• [What you are asked to do]
Give the data a second time, exactly and in full.
Start of Dataset excerpts
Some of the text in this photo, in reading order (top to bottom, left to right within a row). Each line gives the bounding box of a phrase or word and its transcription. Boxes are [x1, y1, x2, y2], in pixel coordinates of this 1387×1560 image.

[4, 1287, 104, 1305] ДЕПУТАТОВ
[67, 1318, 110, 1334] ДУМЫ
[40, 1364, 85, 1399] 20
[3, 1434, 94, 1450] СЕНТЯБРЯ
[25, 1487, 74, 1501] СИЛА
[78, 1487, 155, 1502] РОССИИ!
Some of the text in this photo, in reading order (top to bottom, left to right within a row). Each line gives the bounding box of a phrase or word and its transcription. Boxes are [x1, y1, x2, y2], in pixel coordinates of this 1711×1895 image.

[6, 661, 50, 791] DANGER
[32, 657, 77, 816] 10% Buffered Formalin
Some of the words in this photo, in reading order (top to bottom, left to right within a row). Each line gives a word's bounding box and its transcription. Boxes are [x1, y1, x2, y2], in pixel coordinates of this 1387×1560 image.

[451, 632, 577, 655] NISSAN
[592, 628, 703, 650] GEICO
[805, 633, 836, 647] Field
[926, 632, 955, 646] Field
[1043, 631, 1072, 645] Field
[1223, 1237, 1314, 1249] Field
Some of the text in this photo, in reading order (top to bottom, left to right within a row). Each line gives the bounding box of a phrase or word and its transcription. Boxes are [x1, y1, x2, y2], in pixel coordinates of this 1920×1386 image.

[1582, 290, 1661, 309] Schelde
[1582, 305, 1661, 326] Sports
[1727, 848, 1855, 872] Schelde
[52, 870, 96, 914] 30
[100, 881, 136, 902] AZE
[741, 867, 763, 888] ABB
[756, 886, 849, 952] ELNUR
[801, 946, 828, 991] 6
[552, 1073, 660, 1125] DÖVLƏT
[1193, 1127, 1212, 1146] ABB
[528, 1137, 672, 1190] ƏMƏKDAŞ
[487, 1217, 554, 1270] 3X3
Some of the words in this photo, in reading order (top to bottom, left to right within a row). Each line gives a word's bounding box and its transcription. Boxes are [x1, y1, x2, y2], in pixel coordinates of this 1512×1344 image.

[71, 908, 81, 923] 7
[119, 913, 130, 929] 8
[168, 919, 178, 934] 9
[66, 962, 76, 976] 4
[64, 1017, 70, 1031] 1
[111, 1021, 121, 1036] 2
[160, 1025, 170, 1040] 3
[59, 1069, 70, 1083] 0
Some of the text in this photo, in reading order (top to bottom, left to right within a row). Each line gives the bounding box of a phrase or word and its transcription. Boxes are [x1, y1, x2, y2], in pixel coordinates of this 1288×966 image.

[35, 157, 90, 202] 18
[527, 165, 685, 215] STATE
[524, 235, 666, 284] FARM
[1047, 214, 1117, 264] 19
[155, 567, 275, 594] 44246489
End of Dataset excerpts
• [Answer box]
Some of the text in this photo, in reading order (top to bottom, left to right within a row). Each line gives the bounding box of a phrase or word and its transcription. Boxes are [x1, y1, x2, y2], in pixel coordinates of this 1387×1560 image.

[4, 1287, 104, 1305] ДЕПУТАТОВ
[67, 1318, 110, 1334] ДУМЫ
[40, 1364, 85, 1399] 20
[3, 1434, 94, 1450] СЕНТЯБРЯ
[25, 1487, 74, 1501] СИЛА
[78, 1487, 155, 1502] РОССИИ!
Some of the text in this photo, in reading order (top to bottom, left to right within a row). Each line gives the bounding box of a phrase or word and its transcription. Boxes are [x1, y1, x2, y2], in pixel coordinates of this 1711×1895 image.

[6, 661, 50, 791] DANGER
[32, 657, 77, 816] 10% Buffered Formalin
Some of the words in this photo, in reading order (top to bottom, left to right within a row). Each line gives a word's bounding box and its transcription. Boxes are [x1, y1, x2, y2], in pixel coordinates of this 1387×1560 image.

[451, 632, 577, 655] NISSAN
[592, 628, 703, 650] GEICO
[805, 633, 836, 647] Field
[926, 632, 955, 646] Field
[1043, 631, 1072, 645] Field
[1223, 1237, 1314, 1249] Field
Some of the text in this photo, in reading order (top to bottom, left to right within a row). Each line gives the bounding box of a phrase or word and its transcription. Boxes are [x1, y1, x2, y2], in pixel coordinates of this 1920×1386 image.

[1582, 290, 1661, 309] Schelde
[1582, 305, 1661, 326] Sports
[1727, 848, 1855, 872] Schelde
[52, 870, 96, 914] 30
[100, 881, 136, 902] AZE
[741, 867, 763, 888] ABB
[756, 886, 849, 952] ELNUR
[801, 946, 828, 991] 6
[552, 1073, 660, 1125] DÖVLƏT
[1193, 1127, 1212, 1146] ABB
[528, 1137, 672, 1190] ƏMƏKDAŞ
[487, 1217, 554, 1270] 3X3
Some of the words in this photo, in reading order (top to bottom, left to right within a row). Each line gives a word's bounding box and its transcription. Boxes are [x1, y1, x2, y2], in pixel coordinates of this 1512×1344 image.

[71, 908, 81, 923] 7
[119, 913, 130, 929] 8
[168, 919, 178, 934] 9
[66, 962, 76, 976] 4
[64, 1017, 70, 1031] 1
[111, 1021, 121, 1036] 2
[160, 1025, 170, 1040] 3
[59, 1069, 70, 1083] 0
Some of the text in this photo, in reading order (top to bottom, left to right within a row). Each line gives the bounding box of a phrase or word and its transcription. Boxes are [x1, y1, x2, y2], in pixel coordinates of this 1288×966 image.

[35, 157, 90, 202] 18
[527, 165, 685, 215] STATE
[524, 235, 666, 284] FARM
[1047, 214, 1117, 264] 19
[155, 567, 275, 594] 44246489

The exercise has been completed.